My understanding is that an American plum will pollinate a hybrid but not vice versa. And that American plums are technically self-fertile since they are monoecious and a lot of nurseries sell them as self-pollinating (which is where I went off track, thinking they didn’t need a pollinator but the sand cherry would increase yield). Went down a rabbit hole though when someone in my native gardening group told me that American plum really needs 2-3 genetically unique trees to produce any real amount of fruit, and a lot of what I read from more reliable sources than nurseries said the same. I’ll defer to the experts here thought, I’m just starting out. Just getting into year 2 of a yard.

1 Like

Hi Sam
The American plum consist of many different cultivars as you traverse the continent which is the primary reason it has survived in spite of the industrial age and modern ag practices. I read there are over 2000 p Americana cultivars. Their diversity provides the cross pollination required to increase diversity thus enabling the ability of the species to survive inspite of man’s activities that often impact them. Not only spreading by roots they spread by seed as animals and birds scatter seeds across the continent. I like you have read that hybrids cannot pollinate the native wild plum but I think the authors of such articles do not realize that every cultivar of P Americana is a hybrid!
I am adding hybrids and natives to my local trees and several off property public property thickets for that very reason because I believe that diversity among natives and native hybrids is the best way to preserve what we have inherited.
Where I grew up we had many local wild plum thickets. But by the time I went to college most were extinct due to land use mismanagement. So I feel that part of my life and some of my best memories are impossible to revisit unless I do something about it! So far my collection is maybe 15 cultivars but it’s a start
Dennis
Kent wa

6 Likes

a light just came on! my property is surrounded with older chokecherry bushes. why arent i grafting all these to hardy plums?! next years spring project!

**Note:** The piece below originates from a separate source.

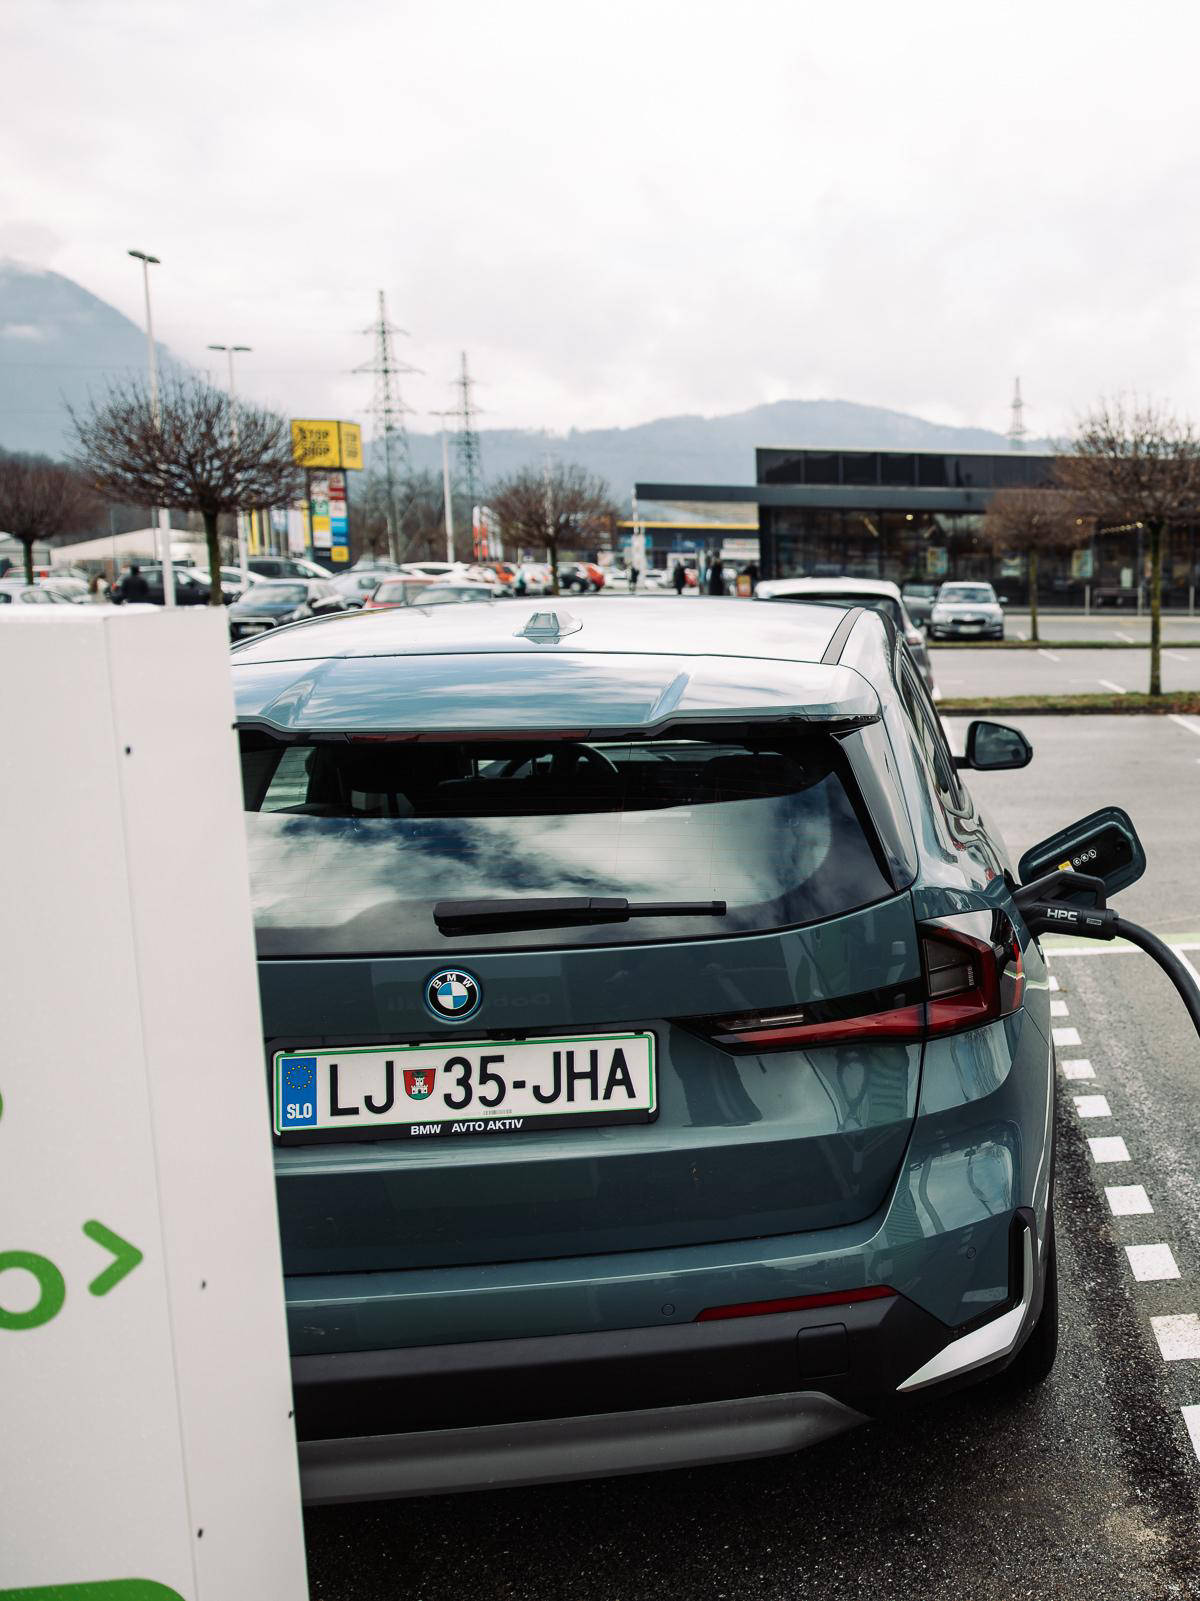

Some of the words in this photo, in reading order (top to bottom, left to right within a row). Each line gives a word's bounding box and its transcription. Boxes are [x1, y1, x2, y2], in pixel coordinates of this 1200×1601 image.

Cool, will you let us know how that goes? Curious as to whether it needs an interstem to convert to plum. @marknmt has grafted plum directly to Nanking cherry also a bush, sent me some scions I am using to dwarf some sweet cherry trees for my neighbor.
Dennis
Kent, wa

1 Like

the wild plum here is about the same size as a chokecherry bush (7-10ft.) so should be very compatible. literally have 100 within 50-70 yrds. of my house. some is on the neighbor’s land but he’s just letting it go back to the woods so he wont even notice. i got black ice and another plum i planted last spring, i can get quite a bit of scion wood from. this fall ill get in there and clear around them so there’s less competition. let you all know how it turns out. these are mostly mature fruiting chokecherries so shouldn’t have to wait long to get fruit.

1 Like

Would be a perfect place for a native plum thicket if you would like some Wild Goose scions my trees from Okios are mature enough to share
Dennis

And that plum I grafted onto tomentosa about 15 years ago is still a small tree. Another benefit is that the root doesn’t throw out sucker shoots like the plum does.

My tomentosa (Nanking cherry) is just blooming now. In a day or two it will be covered.

1 Like

I believe @DougAtOakSummit has done this at his place and found Toka to be a good interstem. Is that correct Doug? Not sure how genetically diverse chokecherry is in North America but it might be worth a try Steve.